桜、咲け!











夢を見た。
桜の花びらが舞い散る校庭を卒業していく、自分の姿を……。
周りには誰一人として欠けることない仲間たちの姿がある。全員が無事に卒業できたという喜びを胸に学び舎へと振り返れば、玄関前で手を振っているのはヤンクミだった。あの見慣れたジャージ姿で少し涙ぐむのか時折目を押さえながらヤンクミは一心に手を振っている。その姿に俺は駆け寄ろうとすると、ヤンクミは途端に厳しい顔つきになって言った。

「お前は、もう私の生徒じゃない」

、と。

卒業すれば、社会の一員として巣立つのだ、と。

冷たく突き放されるようなその言葉に、俺は何も言えず、ただ立ち尽くすことしかできない。卒業とは、そういうことだったと今更ながらに感じる。そうして、何もできない俺の目の前に薄紅色の桜の花びらがハラハラと散っていく。

そんな夢だった。




――― あたり前の話だ。

ヤンクミは、高校の担任というだけで、それ以上でもそれ以下でもない。高校生という三年間が過ぎれば、必然的に別れはやってくる。俺たちが成長していく限り、次のステップに進む限り、連れて行けるものと置いていくものとがあるのは当然だ。

卒業すれば、そこでこの高校生生活も終る。

この毎日も、この学校も、そして……このモヤモヤとした想いも、終る。













「そりゃあ、そうか……」

ぼんやりと窓の外を眺めながら呟く。夢の結末もあながち間違いではない。そう遠くない未来、必然的に別れは訪れる。それがどういう形でも、変える事などできはしないのだ。

「何がだ?澤田」

俺の呟きが聞こえたのか、顔を上げるとヤンクミが怪訝な面持ちをしてこちらを見ていた。俺は頬杖を着いて、ヤンクミを見る。伊達眼鏡というわけでもないのだろうが、淵のはっきりとした眼鏡におさげ、赤いジャージ姿も今ではすっかり見慣れてしまった。

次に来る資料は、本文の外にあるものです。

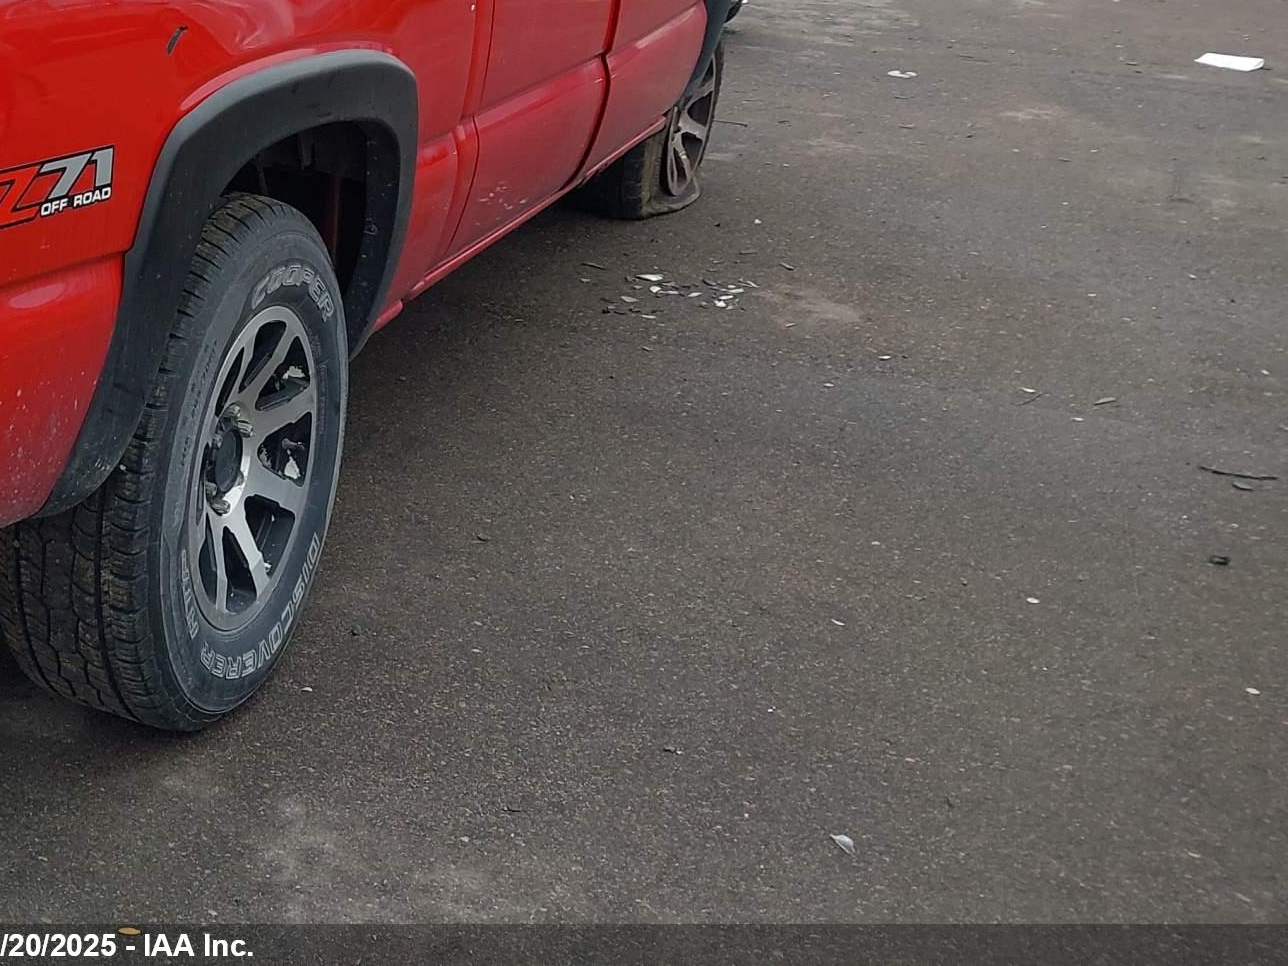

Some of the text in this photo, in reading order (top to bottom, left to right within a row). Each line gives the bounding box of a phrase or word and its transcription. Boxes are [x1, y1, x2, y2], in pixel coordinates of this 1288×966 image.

[40, 187, 111, 216] OFF ROAD
[248, 264, 335, 323] COOPER
[200, 532, 321, 680] DISCOVERER

「俺たちを無事に卒業させる。それがお前の仕事なんだよな」

「なんだ、藪から棒に……」

唐突な話にヤンクミは眉を寄せたが、説明するのも馬鹿らしくて俺も曖昧に誤魔化した。女々しいと笑われても仕方ない話だ。それでもあっさりと諦めてしまうほど物分りがいいつもりはない。

「俺たちが卒業したら……」

「したら?」

そうオウム返しに尋ねられ、口にしようとした言葉を俺は寸前で飲み込んだ。
開け放った窓からひんやりとした風が入ってくる。目を向ければ飛び込んでくる、抜けるような空の青。外の眩しさと風の冷たさのギャップに冷静さを取り戻す。
いつもやんくみの前でだけ、冷静さを装えなくなっているのは気付いていた。それを歯痒く思ったこともあるが、それほど子供じゃない。

「……いや」

なんでもない、と苦く笑った俺の頭をヤンクミはポンッと軽く叩いた。普通の女よりも少し固くて大きな手だ。そのままわしゃわしゃと髪をかき混ぜる。唖然として見上げた俺の目に不敵な顔が飛び込んできた。

「卒業しても、お前は私の大切な生徒だぞ、澤田」

「えっ?」

見透かされたのか、と一瞬ドキッとしたが、ヤンクミの顔を見る限りはそうには思えなかった。もともと色恋沙汰には疎すぎるくらいだから、残念ながら気付くわけはないだろうが。
仁王立ちして口端を笑みの形に吊り上げる。傲慢にも思える態度だが、彼女には一番似合う顔つきだ。

「あたり前だ。お前達が社会に顔向けできるようなりっぱな大人になれるようにするのが私の仕事だからな」

胸を張り、自慢げに告げるヤンクミに俺は呆気に取られながらも心の奥で納得する。やることなすこと滅茶苦茶でも、決して俺たちを見放さない。それがヤンクミなんだと、改めて気付かされる。俺の不安などするまでもない話だ。


「そうか」

なぜかホッとして俺は小さく笑った。相変わらず生徒扱いなのは不満があるが、それでも突き放されるよりはよっぽどマシだ。いつか先生と生徒から人間としての付き合いに変わる。その時が勝負どころだ。

桜の花が舞い散る頃、俺達の門出が迎えられるように、今は毎日を楽しむ。まずは全員が無事に卒業することが、第一だ。

もちろん、一生徒で終るつもりは毛頭ない。

やんくみには、その時覚悟してもらうさ。















桜シーズンより少しずれてますが、卒業ネタで。しかも夢話だ。慎→ヤンクミの慎視点で。